An unaffiliated network of hackers calling themselves "Operation Payback" are on the offensive against anyone they see as attempting to undermine the website, WikiLeaks.org.
Today alone, they've brought down both Visa's and Mastercard's websites. Also targeted were PayPal, Amazon and a Swiss bank, all of which denied service to WikiLeaks or its editor, Julian Assange.
The organization describes itself as "an ongoing campaign by Anonymous against major anti-piracy and anti-freedom entities."
Their method is to send out a tweet announcing a target and tell hackers to "load their weapons," the another to "fire."
Within seconds of their sending a tweet announcing "FIRE FIRE FIRE!!!," Visa.com was inaccessible.
Facebook just banned the hackers' page, saying it violated their terms of service.
Of course, the stated mission of Operation Payback is to strike back at anyone who opposes WikiLeaks, even multi-billion dollar corporations. So Facebook may have just put the crosshairs on its back.
WikiLeaks, which publishes leaked government and corporate documents with the goal of transparency, has been under siege in recent weeks for leaked diplomatic cables that have revealed everything from the quirks of foreign leaders like Muammar el-Qaddafi and Vladimir Putin to Saudi Arabia's attempts to persuade the United States to bomb Iran.
An arrest warrant was issued for Assange in Sweden—on charges supporters claim are trumped up—and Congressional Republicans have called for the WikiLeaks to be labeled a terrorist organization and for Assange to be tried for treason, despite his not being an American citizen.
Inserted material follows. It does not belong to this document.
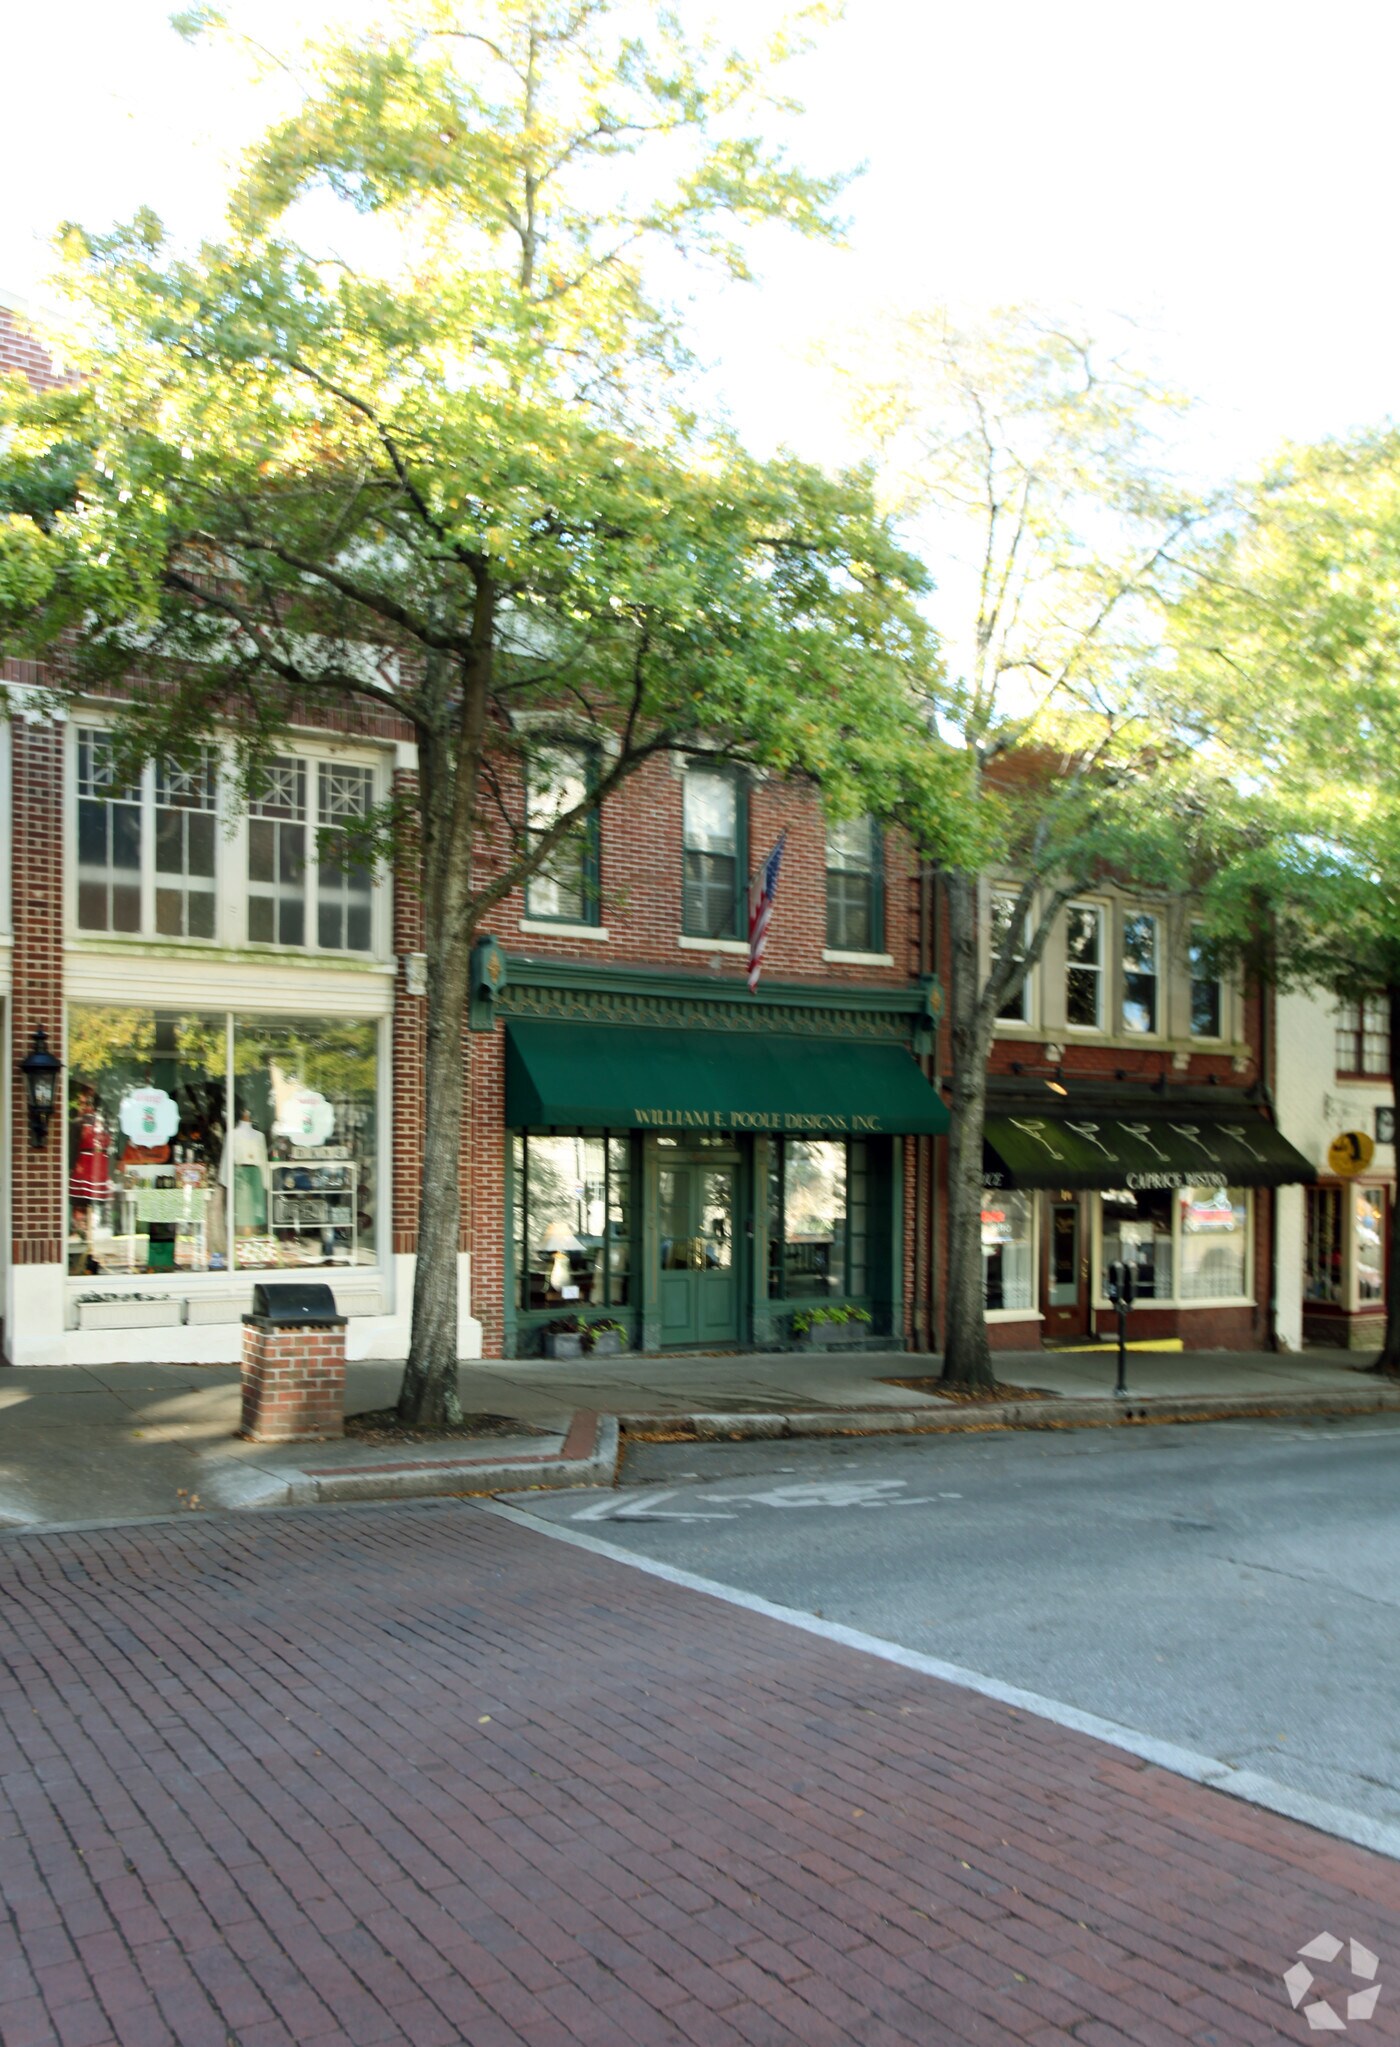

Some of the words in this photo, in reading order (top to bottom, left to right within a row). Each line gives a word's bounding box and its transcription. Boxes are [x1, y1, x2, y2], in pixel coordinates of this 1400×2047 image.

[634, 1109, 709, 1126] WILLIAM
[730, 1111, 781, 1128] POOLE
[1126, 1172, 1182, 1190] CAPRICE
[1184, 1172, 1228, 1188] BISTRO
Interestingly, a tweet this morning from Daniel Ellsberg, the man who leaked confidential papers shedding light on the decision-making process during the Vietnam War, said, "EVERY attack now made on Assange and @wikileaks was made against me and release of Pentagon Papers"
So far, Operation Payback seems to be winning, an action which raises serious questions about our dependence on Internet infrastructure.
But for those of us sitting back and watching a real-life thriller unfold in 140 character installments, the only real question now is: Who's next?